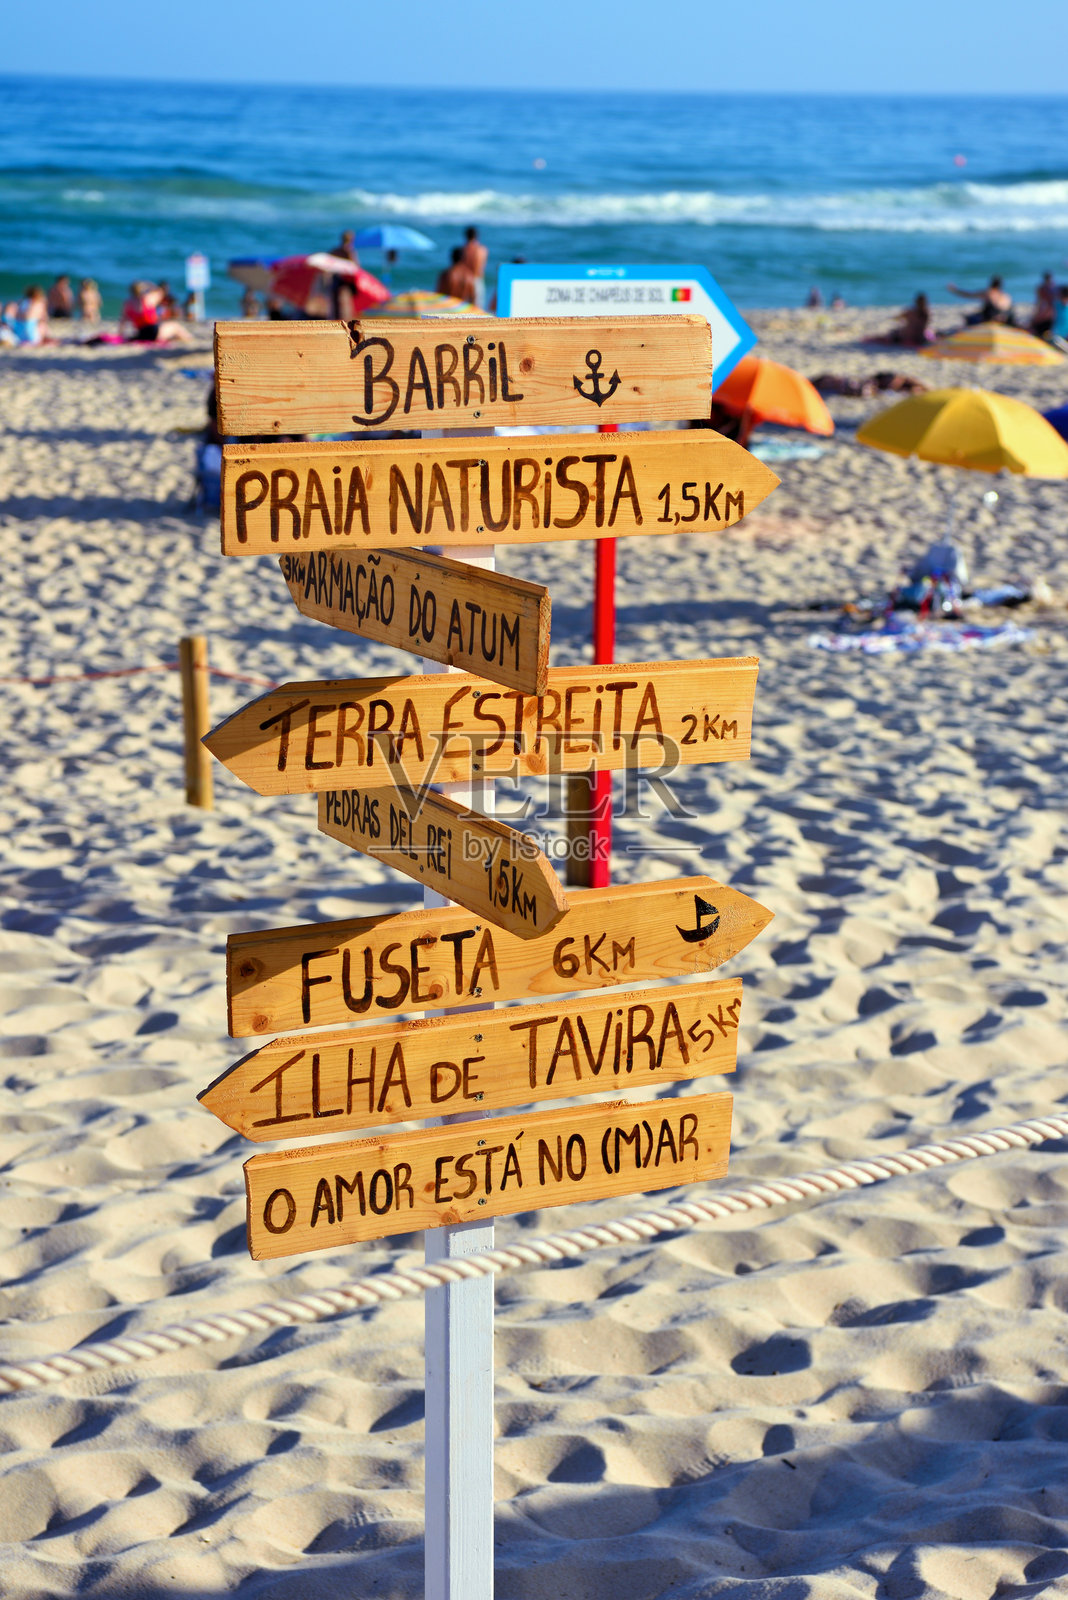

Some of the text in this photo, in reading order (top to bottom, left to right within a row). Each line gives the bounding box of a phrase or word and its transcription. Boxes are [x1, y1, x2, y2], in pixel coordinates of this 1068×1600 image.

[304, 551, 395, 628] ARMAÇÃO
[408, 584, 437, 643] DO
[447, 598, 520, 671] ATUM
[259, 698, 424, 772] TERRA
[326, 789, 381, 839] PEDRAS
[390, 802, 418, 860] DEL
[302, 928, 500, 1024] FUSETA
[250, 1042, 412, 1127] ILHA
[430, 1056, 485, 1103] DE
[263, 1113, 699, 1234] O AMOR ESTÁ NO (M)AR
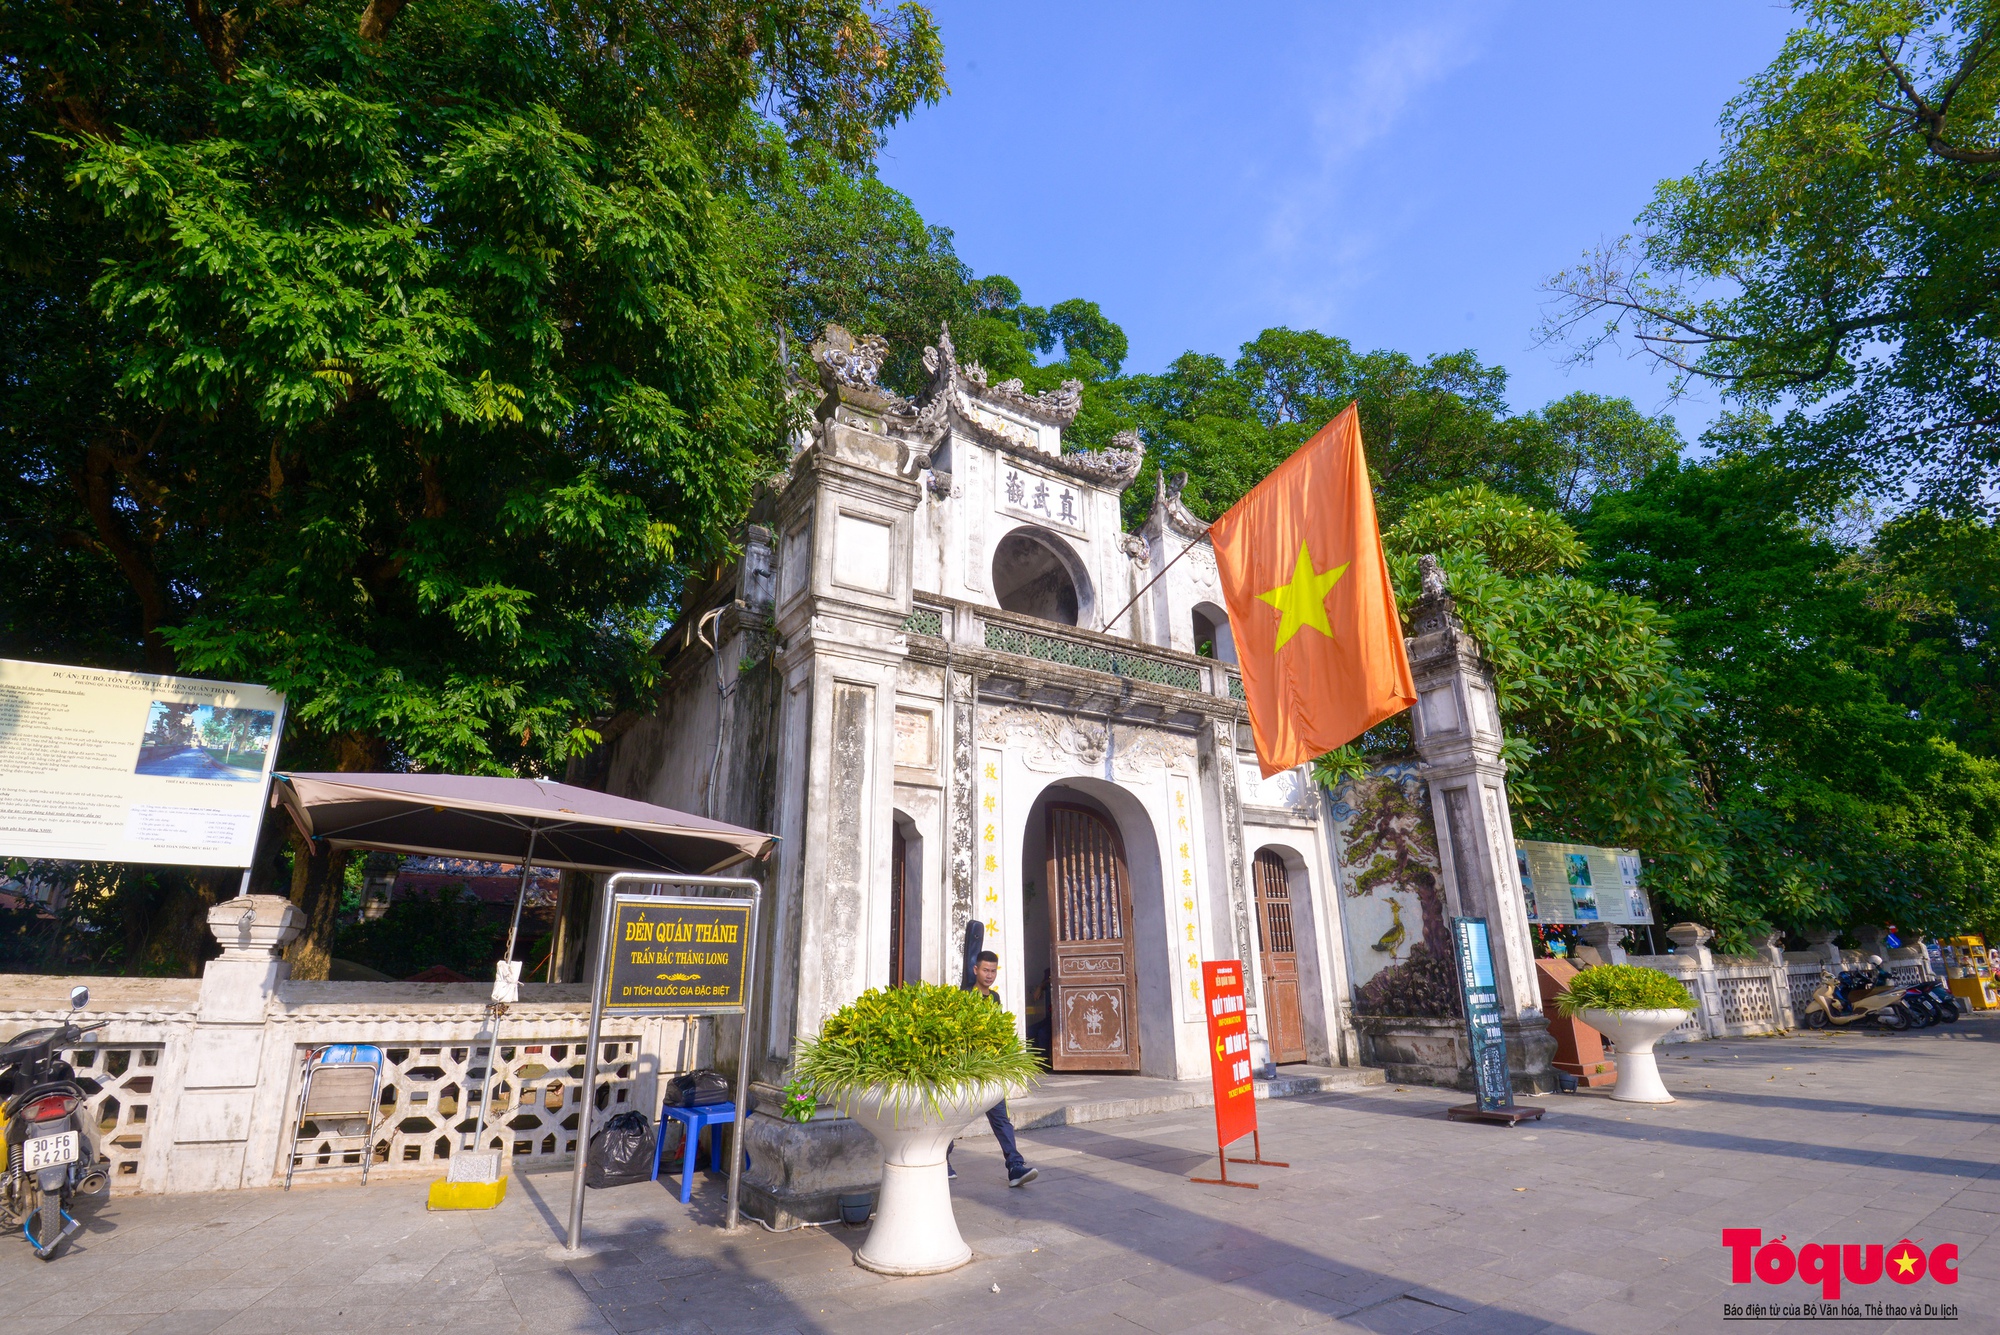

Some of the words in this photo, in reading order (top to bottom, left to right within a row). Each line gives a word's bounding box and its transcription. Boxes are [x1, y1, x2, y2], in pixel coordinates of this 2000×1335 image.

**Task statement:** From the records given above, reproduce all text exactly and exclude each picture.

**Solution to the problem:**
Some of the text in this photo, in reading order (top to bottom, left to right within a row). Each line gives the bounding box of a phrase or word and its transcription. Boxes are [x1, y1, x2, y2], in pixel coordinates of this 1068×1600 image.

[304, 551, 395, 628] ARMAÇÃO
[408, 584, 437, 643] DO
[447, 598, 520, 671] ATUM
[259, 698, 424, 772] TERRA
[326, 789, 381, 839] PEDRAS
[390, 802, 418, 860] DEL
[302, 928, 500, 1024] FUSETA
[250, 1042, 412, 1127] ILHA
[430, 1056, 485, 1103] DE
[263, 1113, 699, 1234] O AMOR ESTÁ NO (M)AR

Some of the words in this photo, in reading order (top to bottom, left to right within a row). Each line gives a word's bounding box and its transcription. Boxes are [x1, y1, x2, y2], in pixel coordinates of this 2000×1335 image.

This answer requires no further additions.